The Jesuit priest William Johnston (who died in 2010) wrote extensively about mysticism and what he called the new mysticism – the rise of a new school of mysticism within Christianity.
He realised that a new mystical contemplation was gradually coming to birth and distinguished this from the medieval Christian model taught to him as a novice, and was also different from –although influenced by – traditional Buddhist or Hindu mysticism. He called it a third way and one arising from the influence and dialogue in Christianity with Buddhism, Taoism and Hinduism.
Religions that stress meditation, teach a path of liberation, and lead to transformation and enlightenment have helped Christians search and re-find the contemplative roots of Christianity. As Johnston says the most basic and important mysticism is that of Jesus himself, followed by that of John and Paul; he sees the whole New Testament as a storehouse of mystical law, drawing the reader to higher consciousness. He also stresses contributions of enlightened mystics of the Western world – the so-called apophatic school of dark mysticism which inspires so many and will never die.
One of the characteristics of the new mysticism, which unlike earlier forms is open to everyone, is that it is holistic and so it can appeal to psychologists like Carl Jung and thinkers like Teilhard de Chardin. It includes awareness about the ego and the self, or between the small self and the big s/Self, and is indeed filled with awe and wonder not only at the mystery of God but also at the mystery of the self. So the new mysticism understands that the human person is multidimensional with layers of consciousness including higher consciousness, cosmic consciousness and Christ consciousness and with the energy of love as the core and centre of all mystical contemplation.
Interestingly in E. A. Bennet’s account of his meetings with Jung, he includes a description of an example of the mysterious nature of the mind when he describes C.G.’s visit to Ravenna where he and Toni Wolff first visited a tomb and then went into the nearby baptistery where they looked and spent time talking about some huge mosaics each depicting a baptism scene. Jung had commented that he couldn’t remember seeing them before but they were remarkable because they were so striking, but when they tried to find postcards of them in the nearby shops they had no luck. When a colleague said that he was intending to visit Ravenna C. G. asked him to bring back pictures or photos of the mosaics from the baptistery. On his return the colleague told Jung there were no mosaics of the kind he had described. When Jung told this to Toni Wolff she responded that it was ridiculous because she’d seen them with her own eyes and they had discussed the scenes in each mosaic for 20 minutes. ‘Nevertheless’ Jung said ‘there are no such mosaics’.

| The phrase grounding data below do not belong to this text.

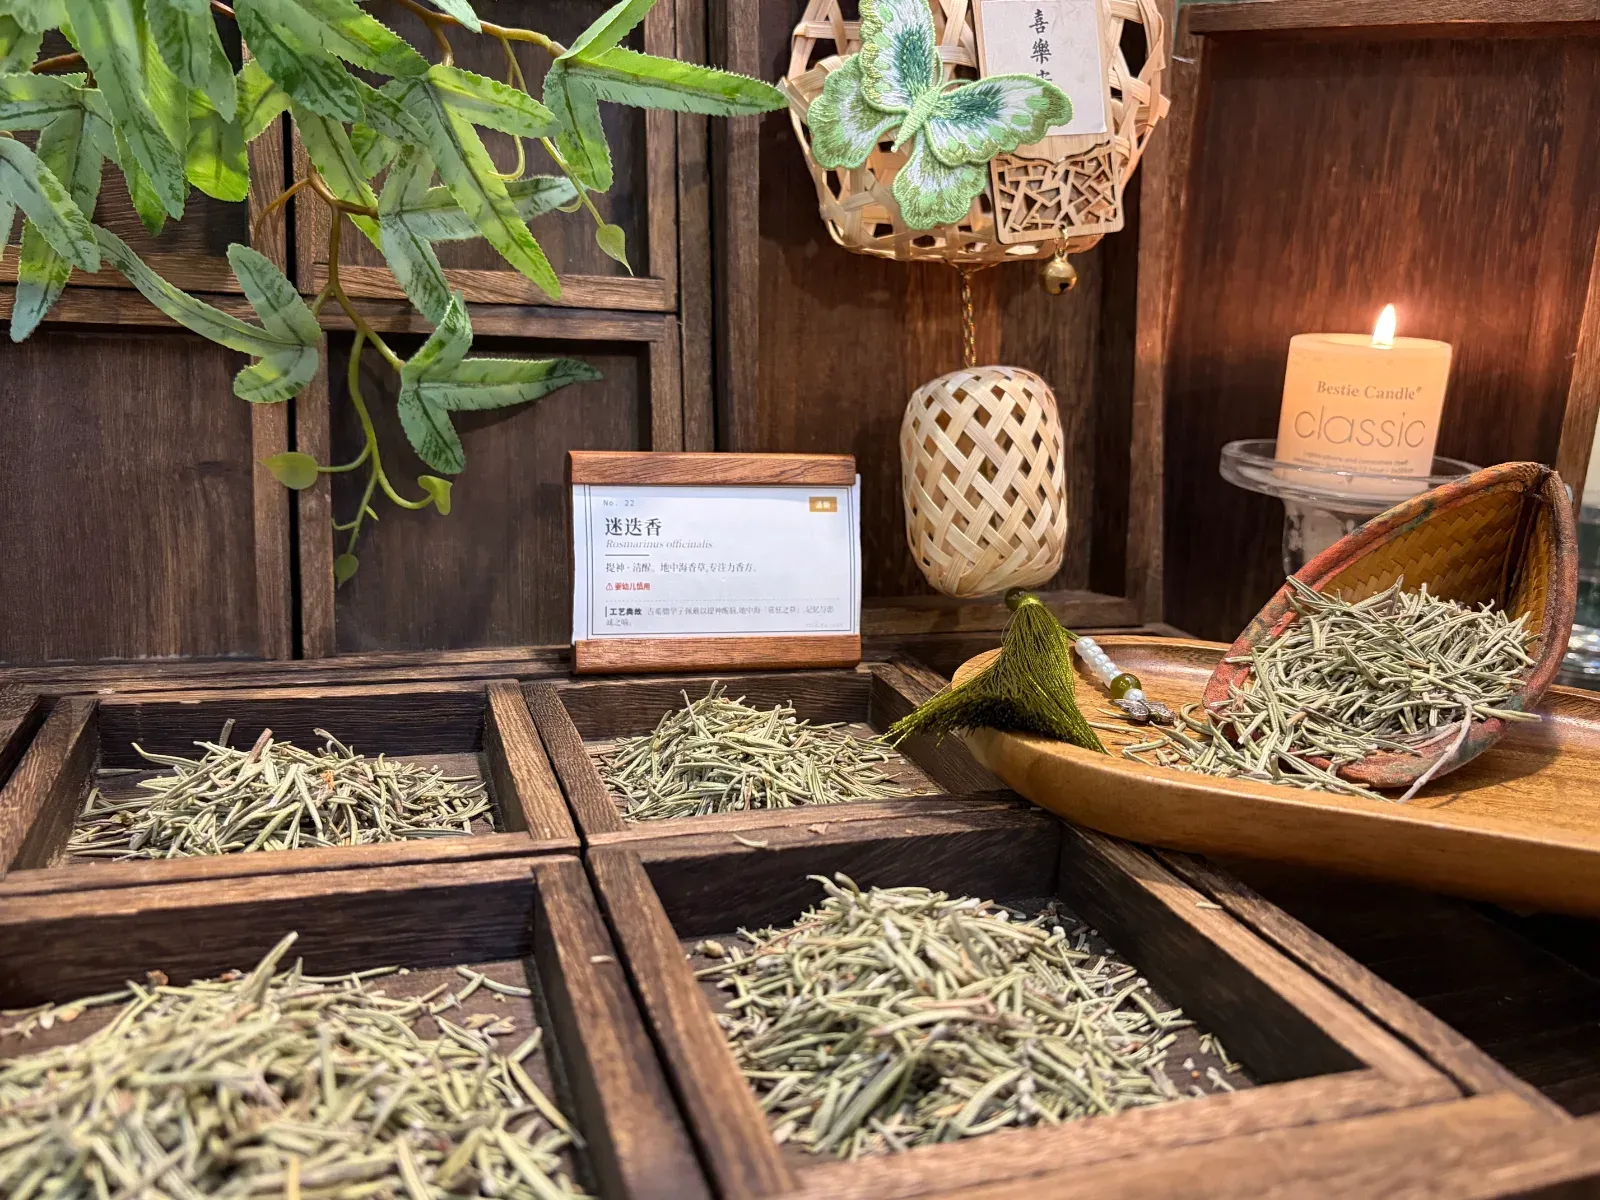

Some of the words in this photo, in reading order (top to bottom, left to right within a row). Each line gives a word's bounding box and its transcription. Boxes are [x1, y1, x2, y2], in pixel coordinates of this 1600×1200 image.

[1316, 380, 1360, 397] Bestie
[1294, 405, 1426, 448] classic
[604, 517, 662, 537] 迷迭香
[605, 539, 664, 549] Rosmarinus
[666, 539, 713, 549] officinalis
[609, 607, 642, 616] 工艺典故
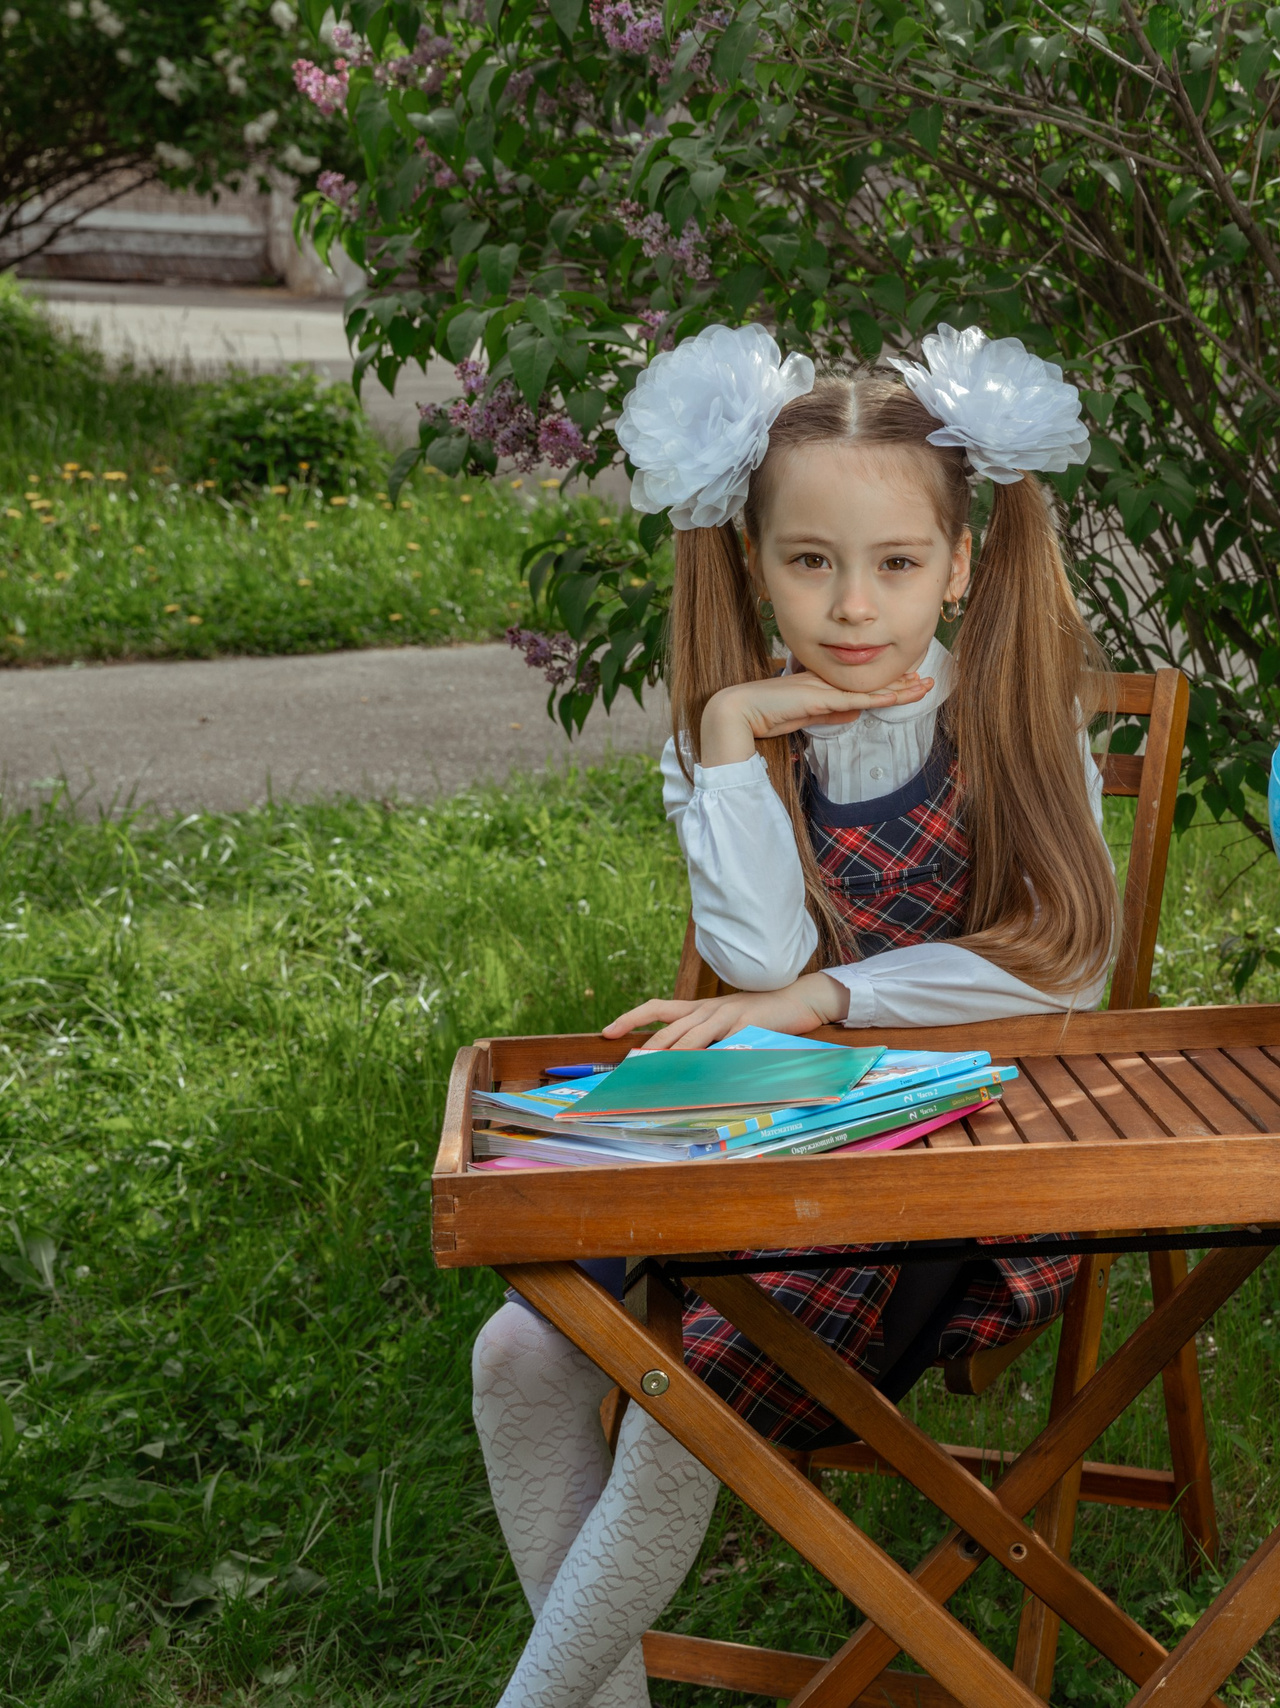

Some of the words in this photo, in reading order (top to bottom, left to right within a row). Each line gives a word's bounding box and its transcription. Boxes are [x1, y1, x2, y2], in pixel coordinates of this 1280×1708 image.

[917, 1091, 933, 1100] Часть
[920, 1108, 933, 1117] Часть
[760, 1122, 803, 1138] Математика
[791, 1136, 835, 1155] Окружающий
[834, 1132, 848, 1144] мир
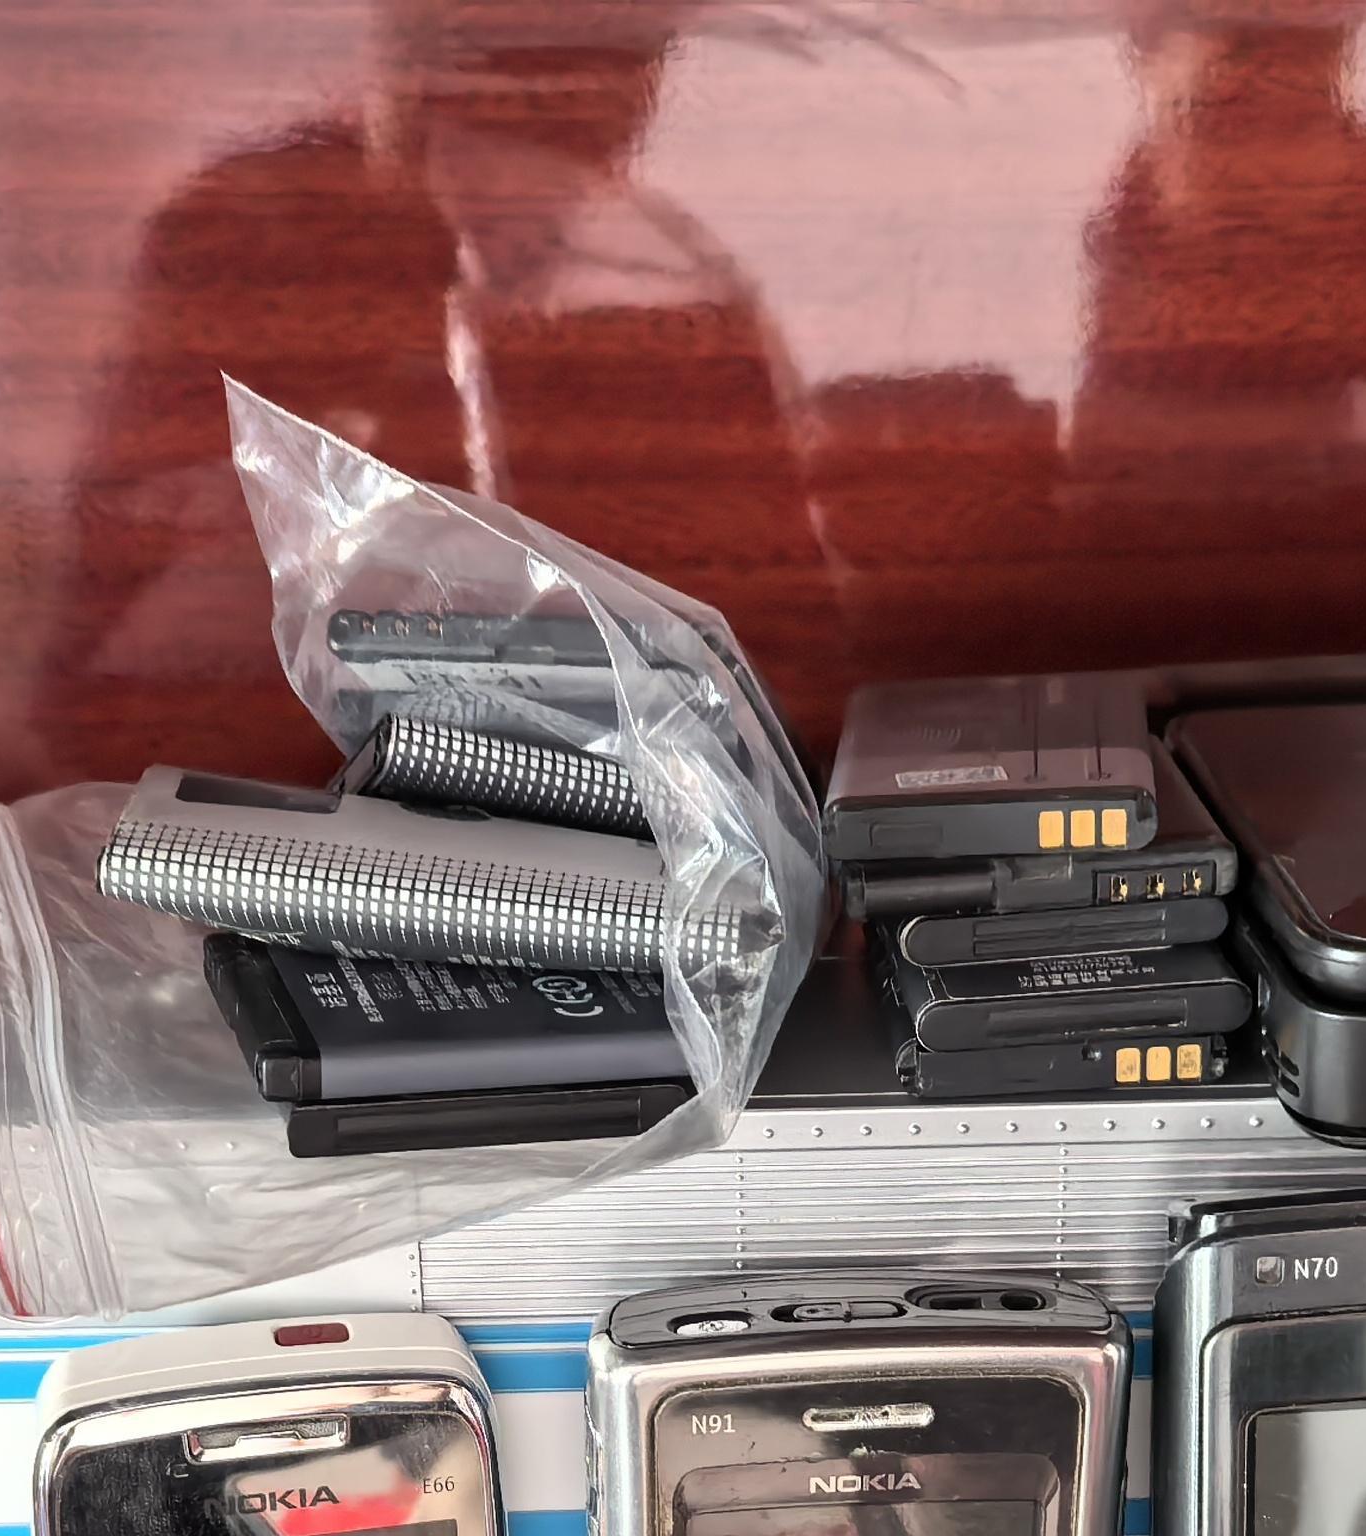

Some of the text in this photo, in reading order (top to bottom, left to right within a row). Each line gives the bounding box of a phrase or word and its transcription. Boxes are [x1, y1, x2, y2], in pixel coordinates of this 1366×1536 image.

[1293, 1256, 1338, 1280] N70
[692, 1414, 736, 1435] N91
[423, 1476, 456, 1495] E66
[809, 1472, 922, 1494] NOKIA
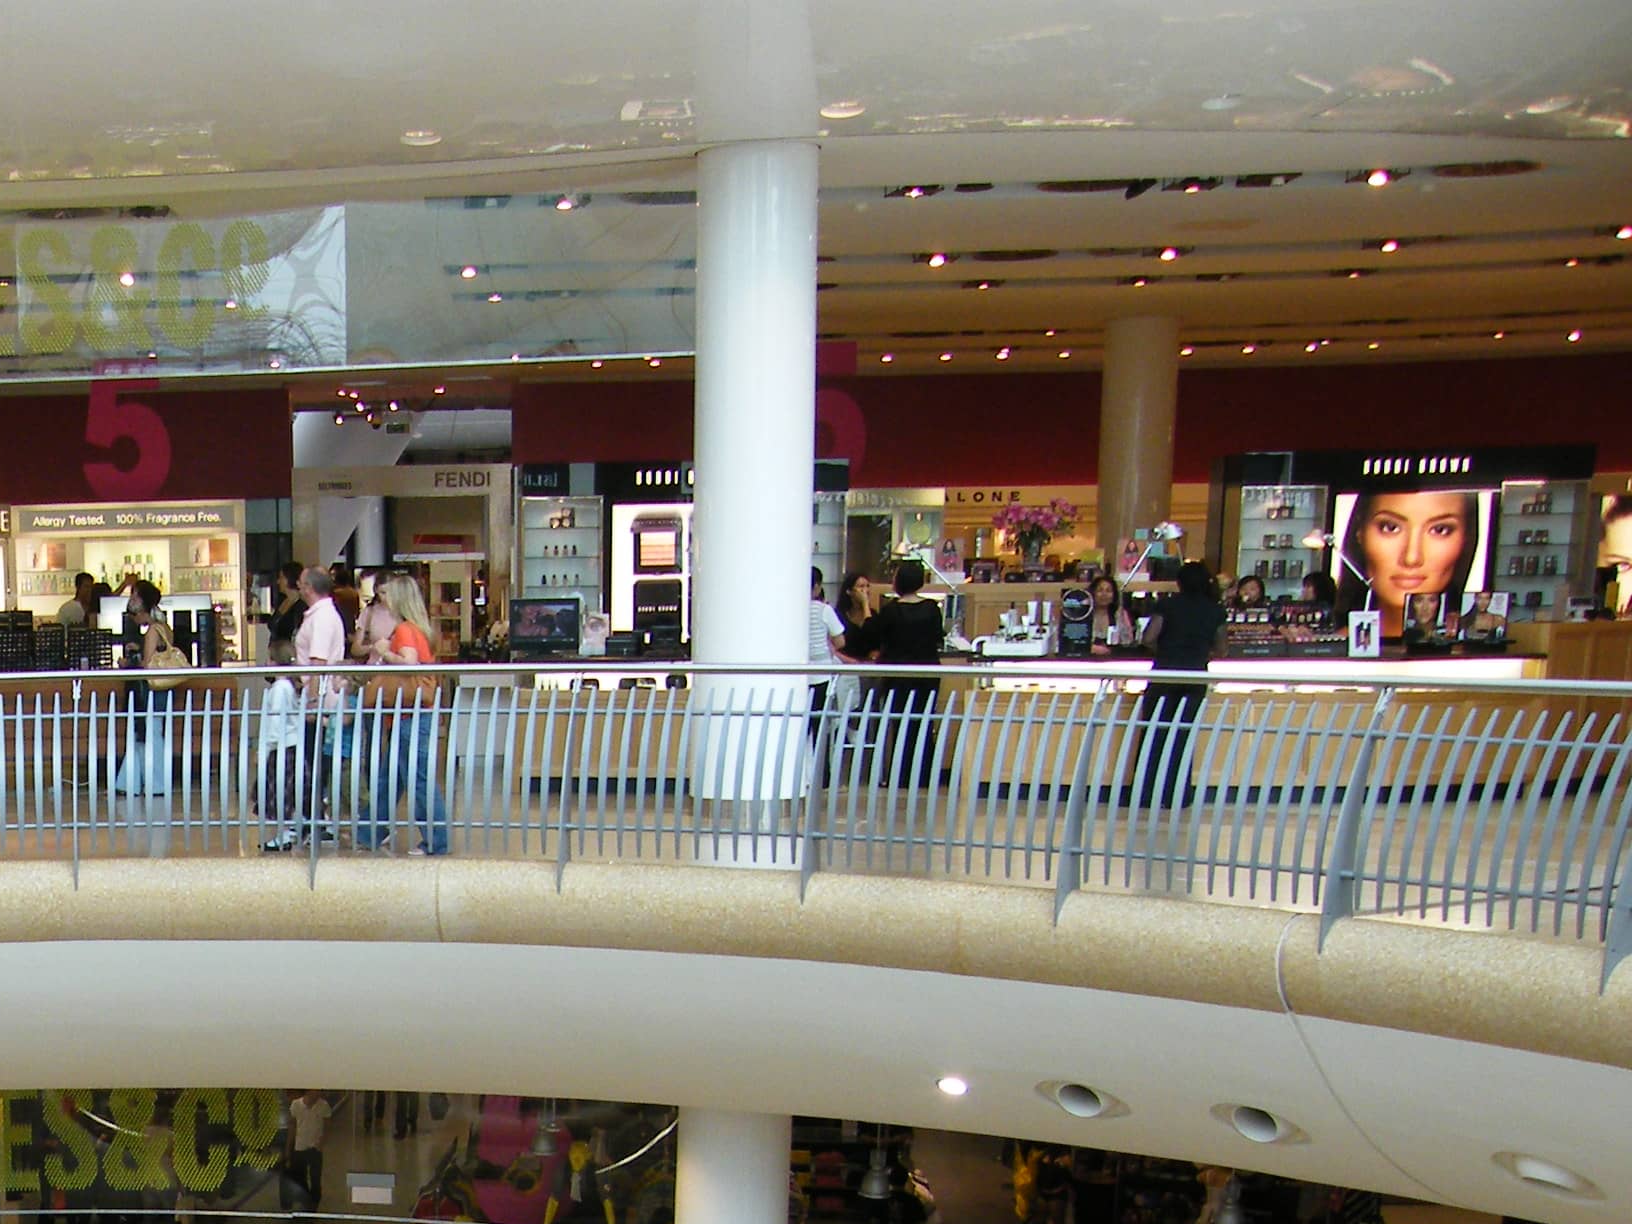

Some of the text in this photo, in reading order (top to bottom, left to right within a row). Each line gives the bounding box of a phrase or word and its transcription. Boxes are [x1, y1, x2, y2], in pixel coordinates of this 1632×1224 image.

[81, 360, 172, 501] 5
[434, 471, 491, 488] FENDI
[945, 490, 1021, 503] LONE
[32, 515, 66, 528] Allergy
[69, 514, 106, 526] Tested.
[116, 513, 143, 525] 100%
[146, 512, 196, 526] Fragrance

The point was how mysterious the mind is, how little we know of it and how futile it is to ‘explain’ the manifestations of the psyche away when they do not conform with what we are accustomed to call reality.
The spectrum of human understanding whether of ourselves or of God is infinitely varied; we cannot look on one attitude as right and another as wrong in our attempts to explain things beyond our comprehension.